### SUPPLIED MATERIAL
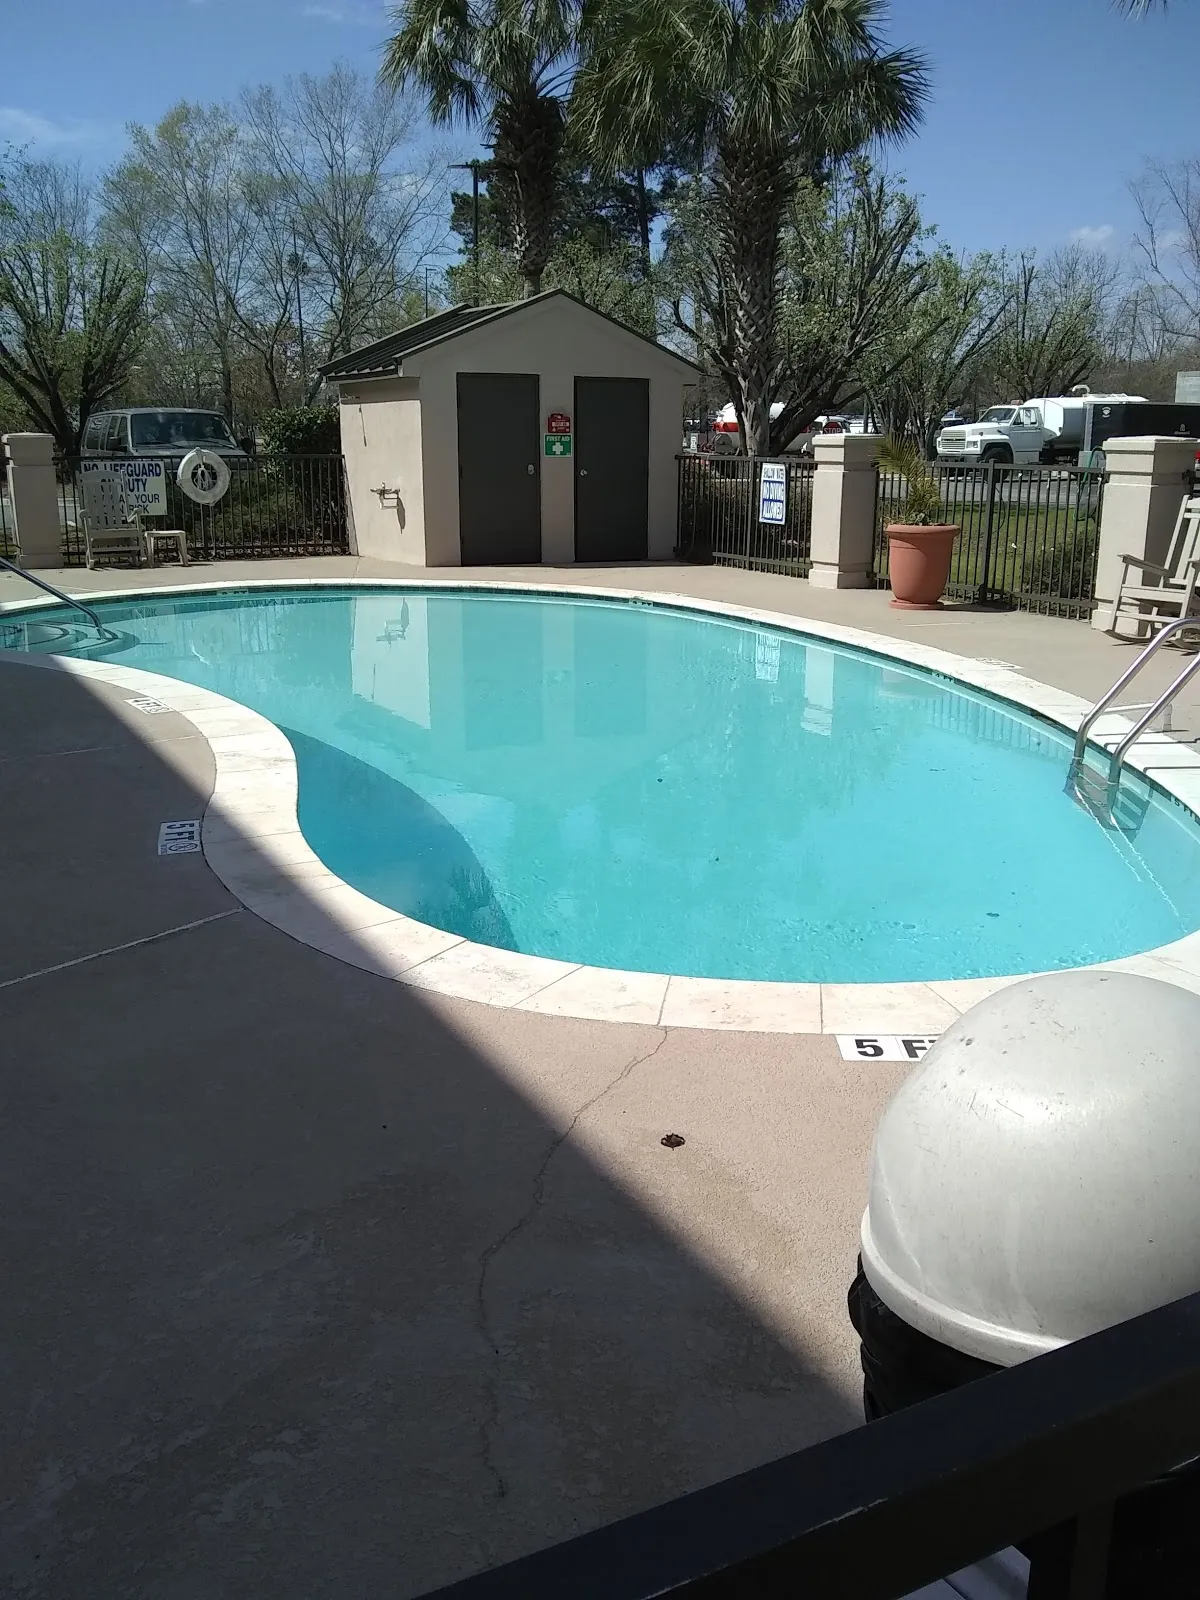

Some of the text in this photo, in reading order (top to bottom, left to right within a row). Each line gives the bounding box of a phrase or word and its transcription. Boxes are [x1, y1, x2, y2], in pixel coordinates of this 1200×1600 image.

[134, 493, 160, 504] YOUR
[167, 822, 195, 830] 5
[854, 1039, 884, 1058] 5
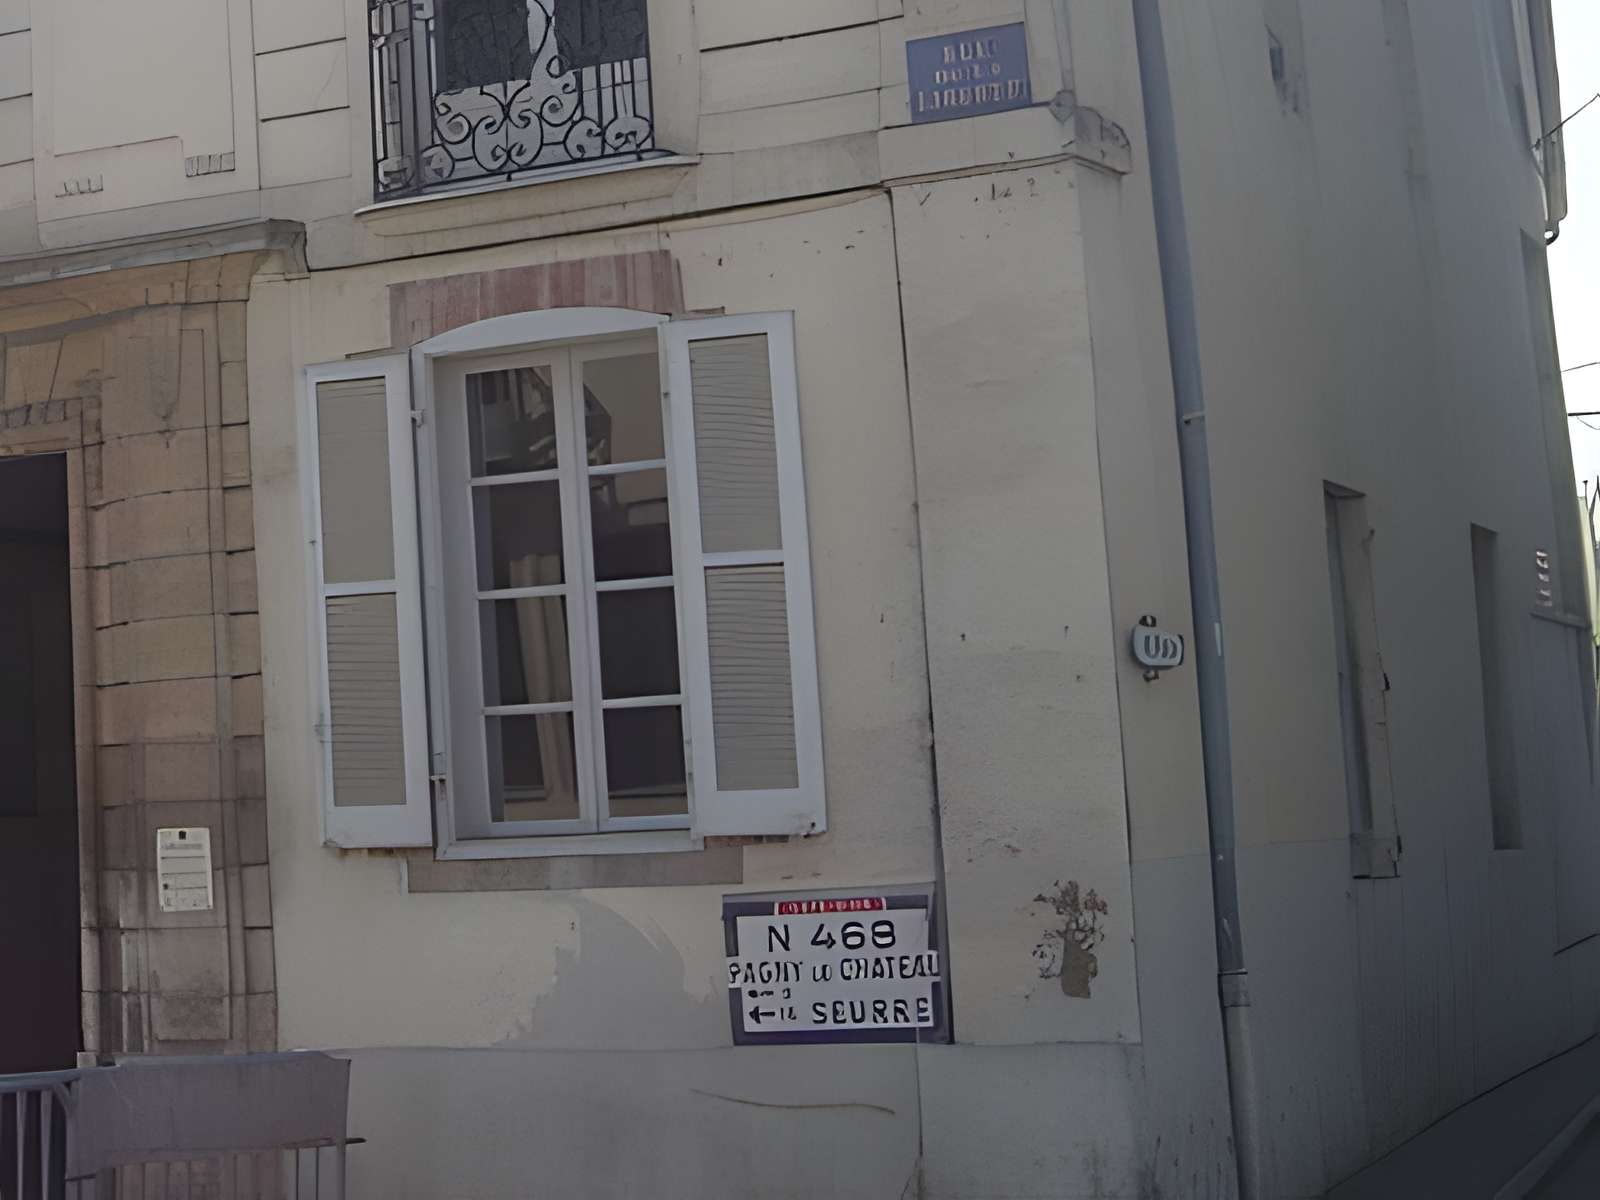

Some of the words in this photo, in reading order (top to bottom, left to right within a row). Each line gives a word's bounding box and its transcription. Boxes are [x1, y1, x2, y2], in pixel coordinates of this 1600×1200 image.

[767, 923, 791, 952] N
[810, 919, 896, 950] 468
[840, 954, 940, 982] CHATEAU
[812, 998, 930, 1024] SEURRE
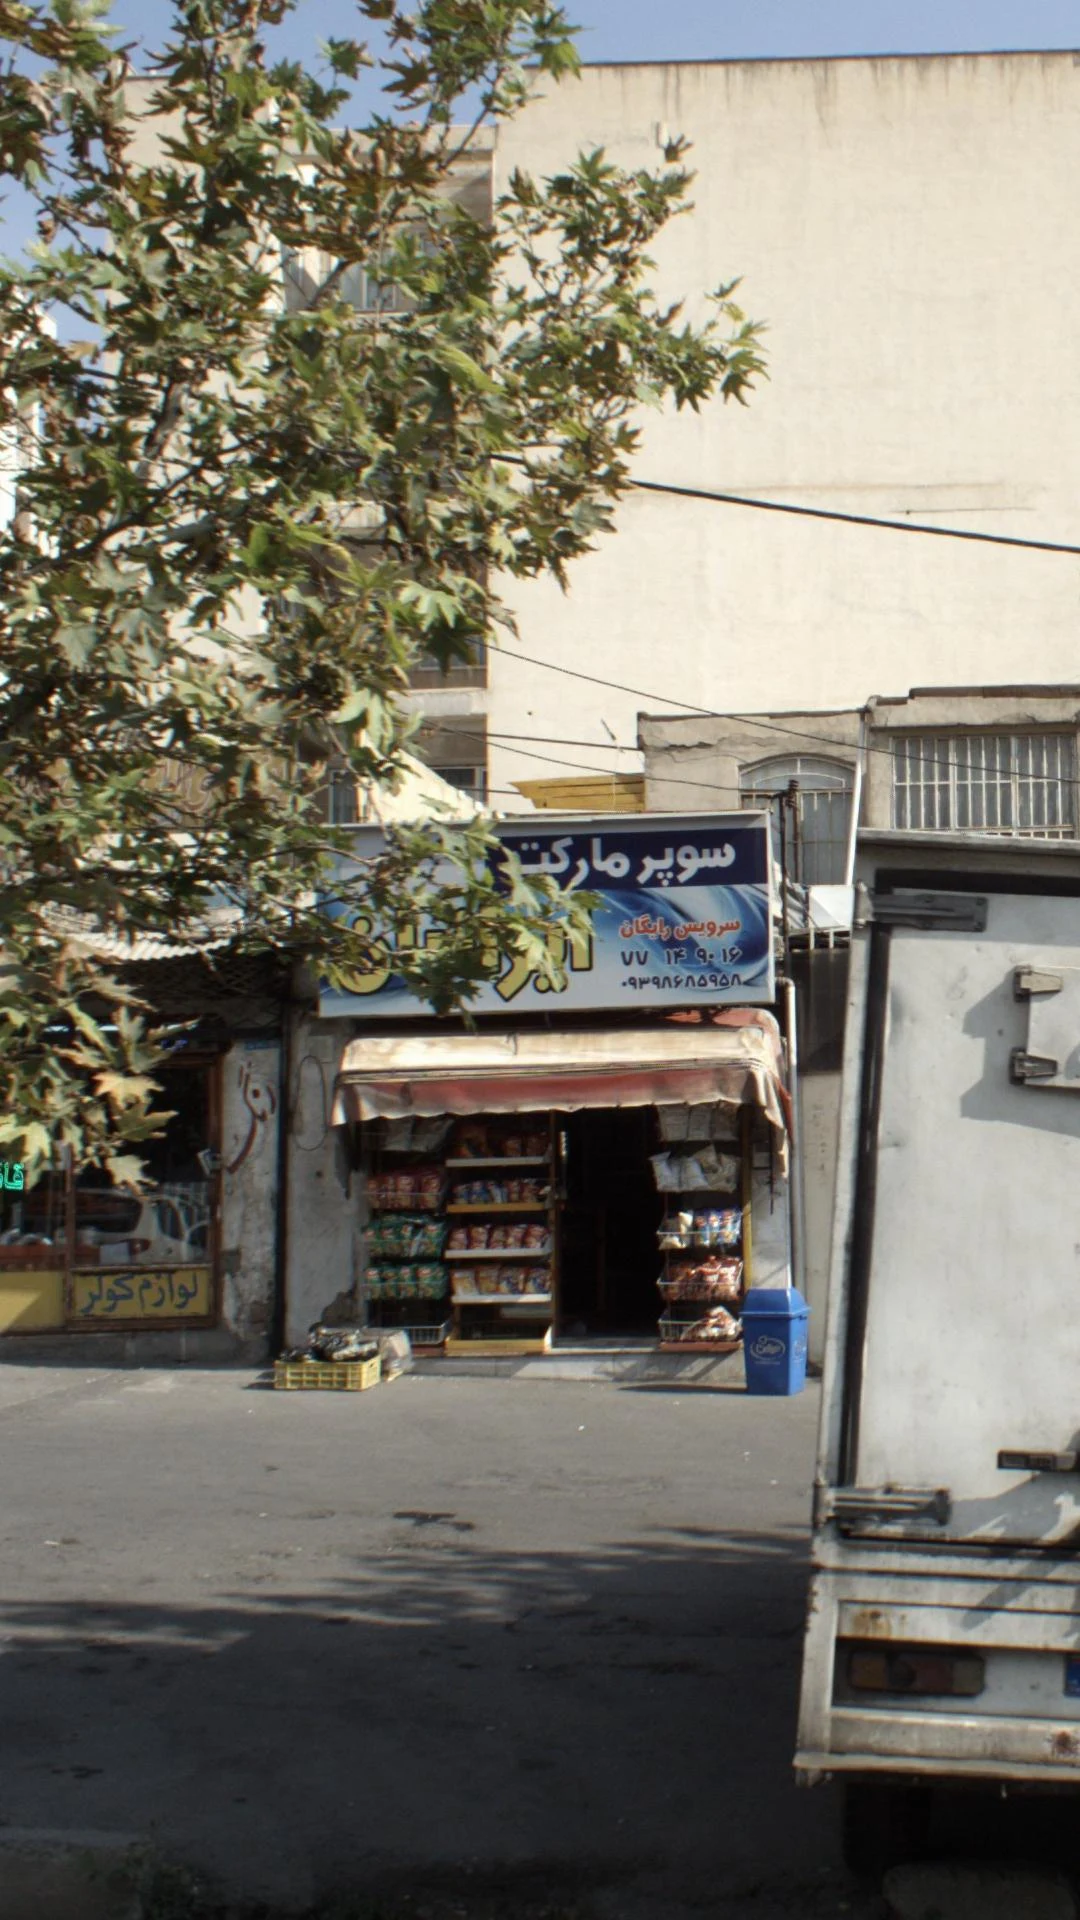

### WORK REQUEST
Everything above should be given again exactly, apart from the pictures.

### WRITTEN REPLY
Some of the text in this photo, in reading order (top to bottom, left to right within a row). Each line gives the bounding box of a phrase or word and its transcription. Boxes are [x1, y1, x2, y2], in pixel coordinates of this 1200×1600 image.

[134, 493, 160, 504] YOUR
[167, 822, 195, 830] 5
[854, 1039, 884, 1058] 5

Some of the words in this photo, in reading order (top to bottom, left to right within a row). Each line gives a word's bounding box and its transcription. Boxes are [x1, y1, x2, y2], in pixel coordinates of this 1600×1200 image.

[767, 923, 791, 952] N
[810, 919, 896, 950] 468
[840, 954, 940, 982] CHATEAU
[812, 998, 930, 1024] SEURRE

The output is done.